Female retail workers in Saudi Arabia to be separated from male colleagues by a wall

GlobalPost

Women may be allowed to work in certain retail stores in Saudi Arabia circa 2013, but they're still subject to unusual restrictions — as evidenced by authorities recent decision to require shop owners to construct a physical wall to separate male and female staff.

Shop owners must construct a wall over 5 feet tall (1.6 meters) between male and female workers, says the new Labor Ministry order, which was endorsed by Abdullatif al-Sheikh, head of the Commission for the Promotion of Virtue and Prevention of Vice, according to Al Arabiya.

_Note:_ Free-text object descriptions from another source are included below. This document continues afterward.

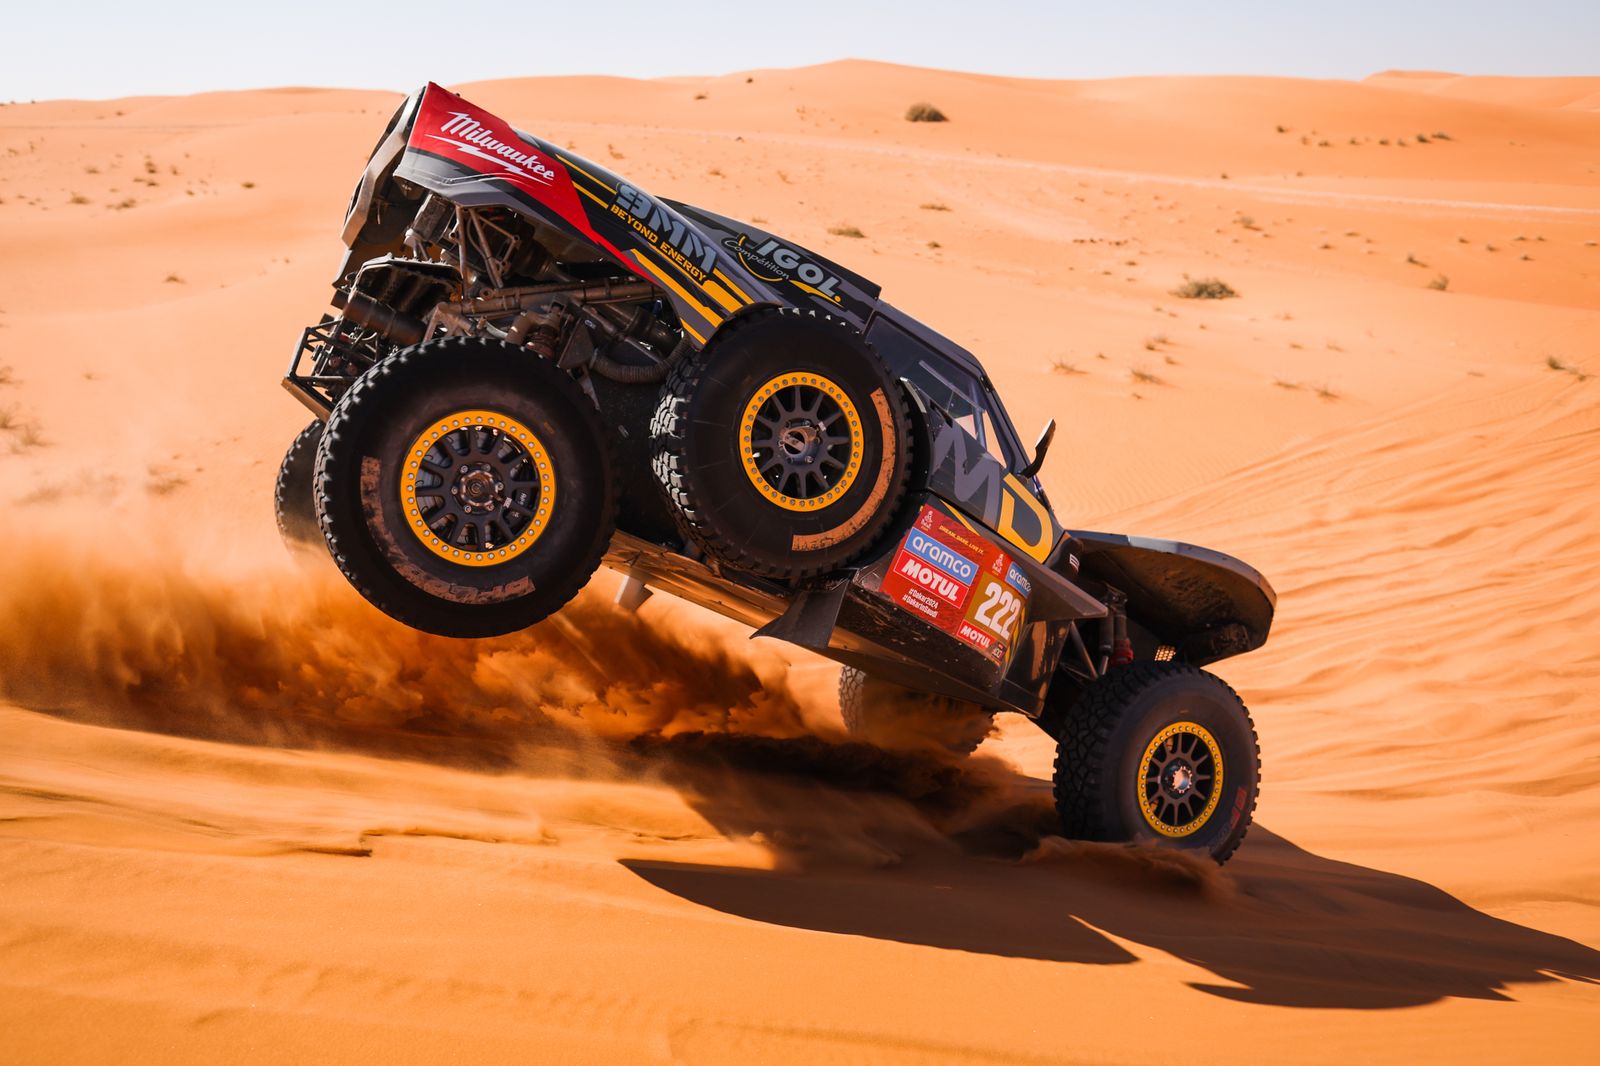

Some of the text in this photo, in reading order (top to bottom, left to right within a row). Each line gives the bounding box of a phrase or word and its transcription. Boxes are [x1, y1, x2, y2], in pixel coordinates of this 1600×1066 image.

[440, 111, 555, 181] Milwaukee
[610, 204, 707, 281] BEYOND ENERGY
[724, 240, 790, 280] Compétition
[912, 536, 972, 579] aramco
[901, 559, 959, 602] MOTUL
[974, 582, 1021, 640] 222
[960, 625, 991, 648] MOTUL

Read more from GlobalPost: Women appointed to Saudi Arabia's Consultative Council for the first time ever

Shops have 30 days to construct the walls before they will be punished for violating the new restriction, writes Arab Business.

Digital Journal writes that the order may have come about after female employees complained of being sexually harassed in the workplace.

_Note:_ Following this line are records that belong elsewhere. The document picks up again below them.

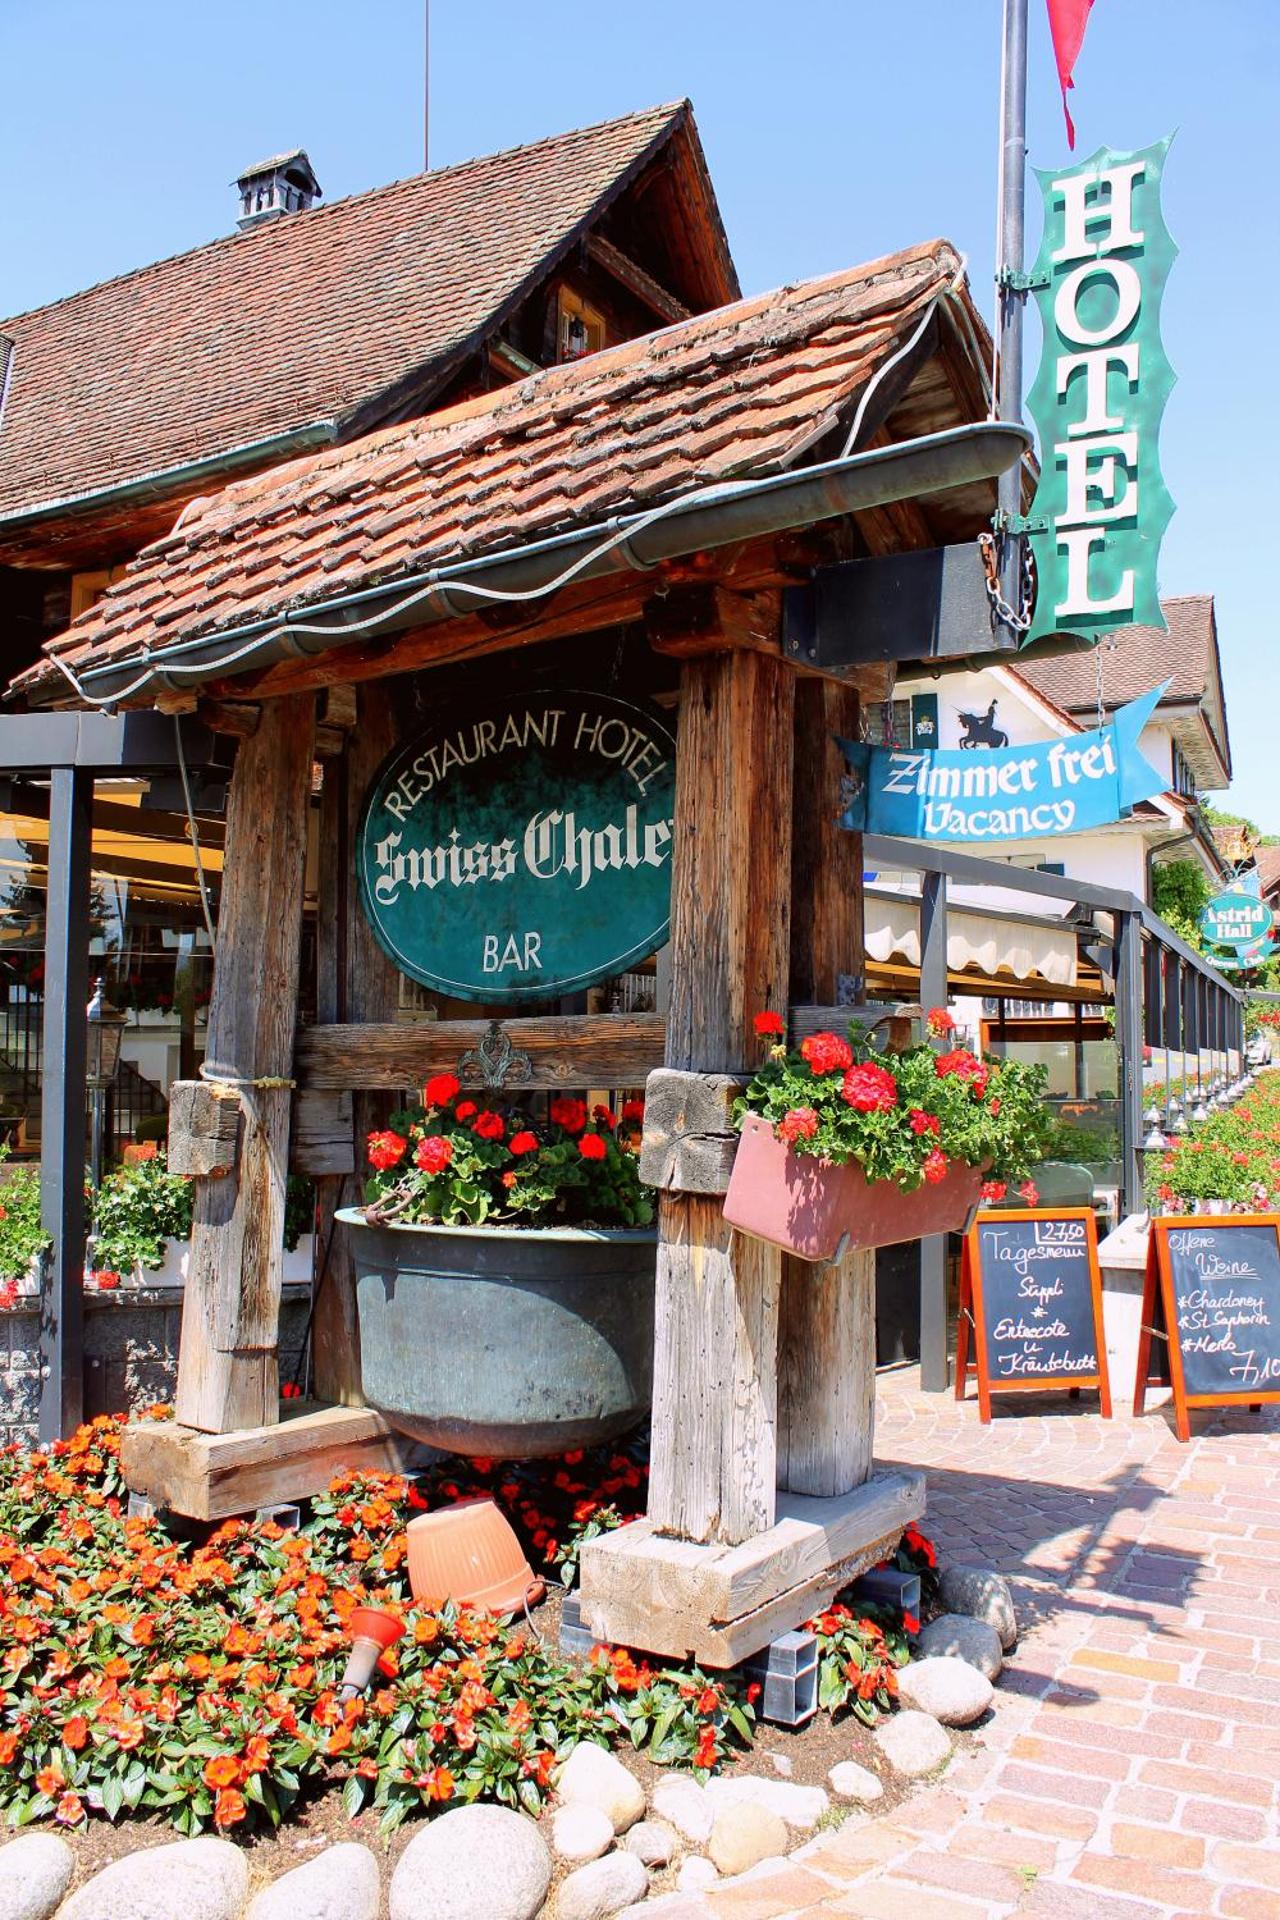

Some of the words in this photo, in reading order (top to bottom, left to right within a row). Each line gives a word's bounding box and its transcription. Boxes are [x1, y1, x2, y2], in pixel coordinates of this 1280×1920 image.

[1051, 160, 1145, 616] HOTEL
[383, 709, 566, 822] RESTAURANT
[573, 712, 667, 797] HOTEL
[881, 752, 1038, 798] Zimmer
[1047, 734, 1117, 788] frei
[924, 799, 1077, 836] Vacancy
[373, 827, 519, 906] Swiss
[524, 803, 674, 891] Chale
[1205, 905, 1265, 923] Astrid
[1217, 923, 1252, 938] Hall
[482, 931, 543, 973] BAR
[1195, 1252, 1256, 1276] Weine

Read more from GlobalPost: Saudi Arabia beheads Sri Lankan maid

Women continue to make up a tiny portion of the Saudi Arabian workforce: about 35 percent of women are jobless, as compared to 6.1 percent of men, according to a recent employment report published by Zawya.com.

The order comes not long after King Abdullah controversially decreed that women must make up 20 percent of Saudi Arabia's Shura Council, for the first time ever.